Sunday, May 22, 2016


The Diary of a Frustrated Indian Film Buff

Hollywood has tapped India’s non-English viewers for years, but domestic industries remain half-hearted in their bid to reach viewers outside their home states

By Anna MM Vetticad

This is not so much a column as it is the diary of a frustrated, furious Indian film buff.

March 2016: I note that Marathi director Nagraj Manjule’s Sairat will be in theatres in April. The wait for his second film began the day his first – the much-acclaimed inter-caste relationship saga, Fandry – was released in 2014.

April 29: Sairat is here and as usual, booking websites and newspaper listings do not specify whether it has subtitles. I do what most viewers clearly cannot – I phone Manjule, who confirms it has English subs everywhere outside Maharashtra.

April 29 evening: I am at a PVR for another film, so I decide to book a ticket for Sairat. I am cautious as always since there have been occasions when I was informed by directors and senior multiplex chain staffers that a film was subtitled, only to find no subs when I watched it. So I double check with the booking counter executive. Sairat is not subtitled, he replies.
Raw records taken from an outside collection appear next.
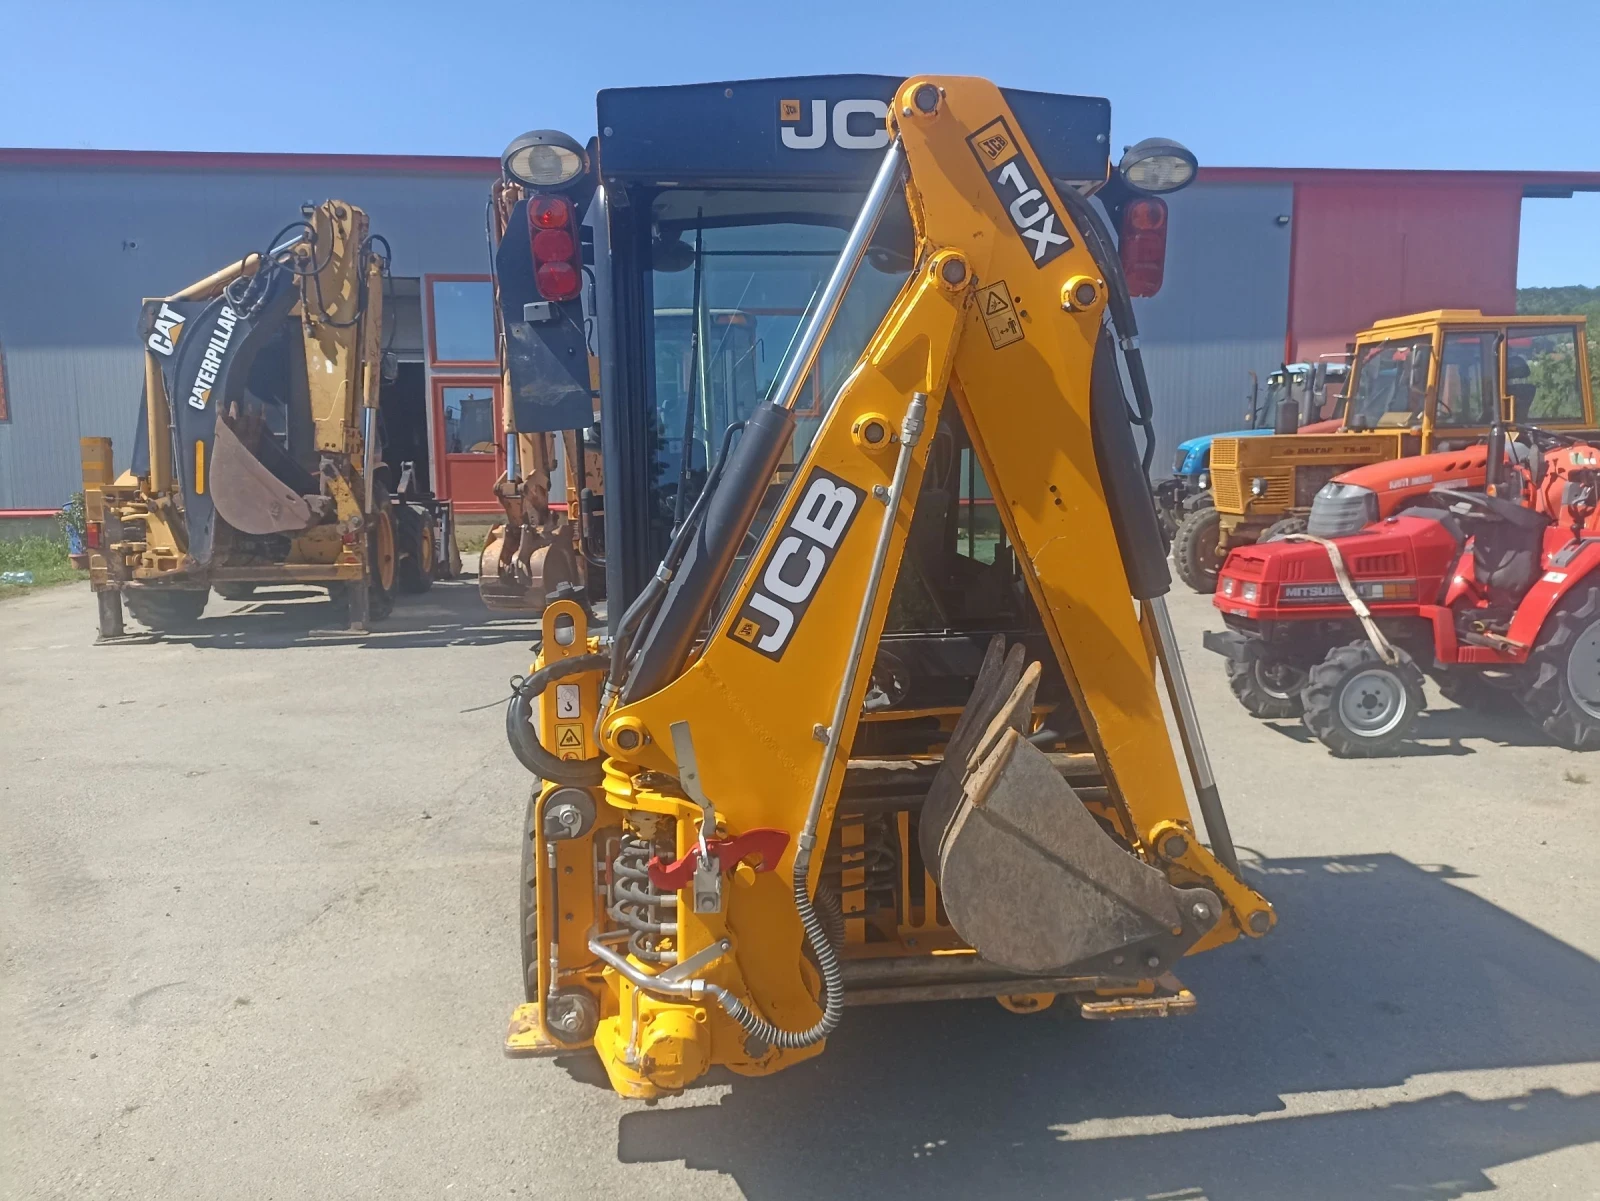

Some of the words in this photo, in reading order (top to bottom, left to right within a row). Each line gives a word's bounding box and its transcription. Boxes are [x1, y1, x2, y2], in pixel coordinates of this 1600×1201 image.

[780, 99, 890, 150] JC
[982, 136, 1006, 157] JCB
[997, 160, 1070, 261] 1CX
[148, 302, 186, 356] CAT
[188, 305, 238, 411] CATERPILLAR
[748, 477, 858, 653] JCB
I tell him what the filmmaker told me. No subs, he insists. Could he ask a senior? Please? None is available, he says, adding that if a show of the film were on at that moment, he would have dashed in to verify this himself. Bizarre. He should not have to do that, I say.
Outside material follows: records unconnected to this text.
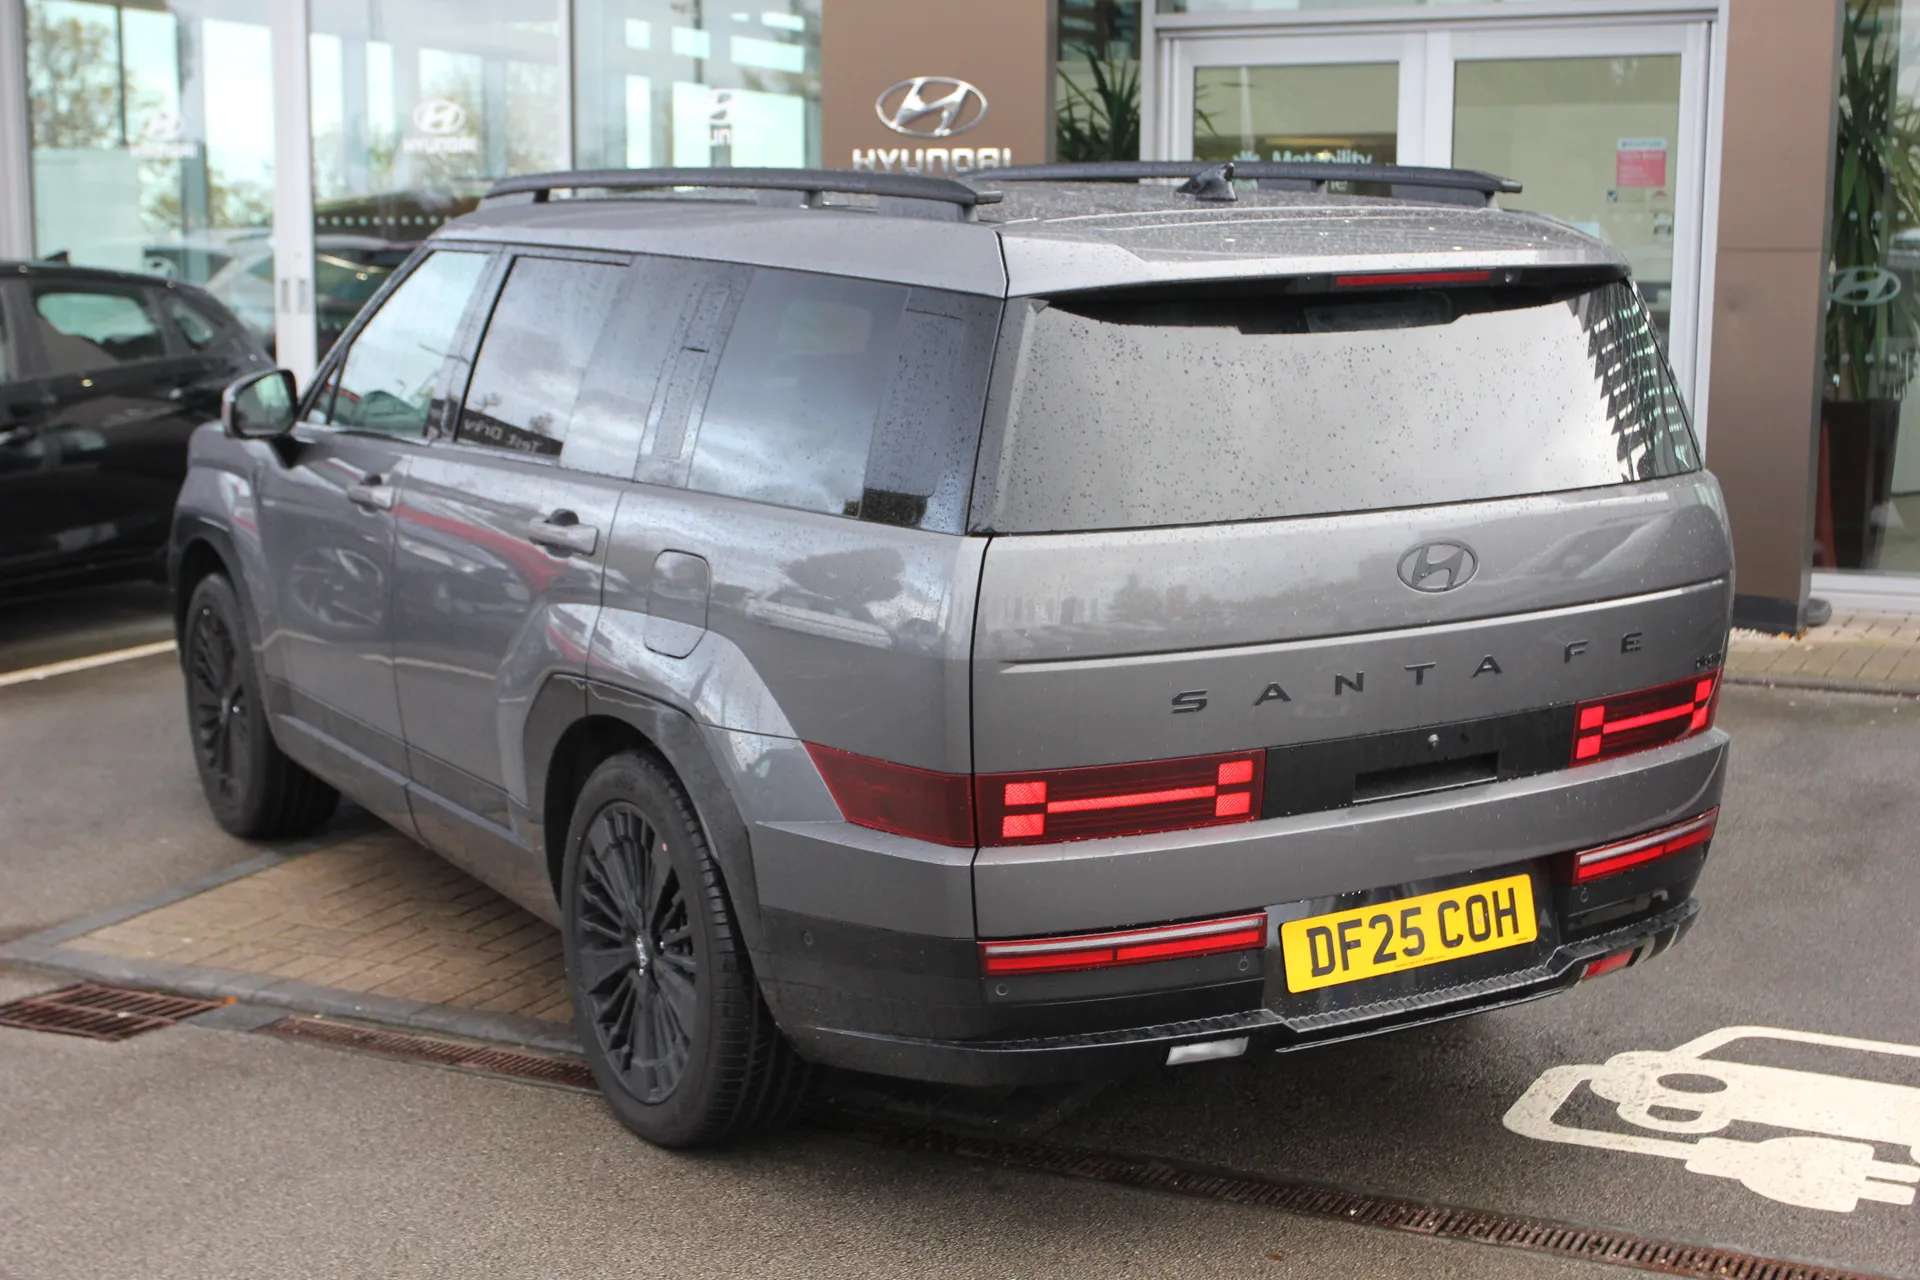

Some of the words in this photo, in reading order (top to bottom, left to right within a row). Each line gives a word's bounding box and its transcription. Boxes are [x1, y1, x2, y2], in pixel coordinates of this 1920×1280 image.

[852, 148, 1012, 175] HYUNDAI
[1171, 654, 1503, 714] SANTA
[1563, 632, 1643, 663] FE
[1306, 906, 1425, 977] DF25
[1438, 887, 1520, 949] COH
Could you return tomorrow, he asks? No, I cannot spend an entire hour on another day driving all the way here and back, for information that should be on his computer right now. Time is not a joke.

I ask for a phone number I can later call. He manages to locate a senior and confirms that this hall is indeed showing a subtitled Sairat. Whew! I book, after 30 minutes wasted over this inexplicable inefficiency.

April 30: I am moved by Sairat’s inter-caste romance with its remarkably light touch despite the grim subject. I recall the previous day’s casual multiplex employee and wonder, for the nth time in my life, why it takes such an effort to be a committed viewer of films across Indian languages.

Rewind to February: Tamil director Vetri Maaran’s Visaaranai is out. I’m still drowning in my love for Kaaka Muttai, the film about two little Chennai slum dwellers that he produced last year, and I have been looking forward to this one. Again, no mention of subtitles anywhere. I am swamped with work so I avoid the rigmarole of calls to Maaran and so on.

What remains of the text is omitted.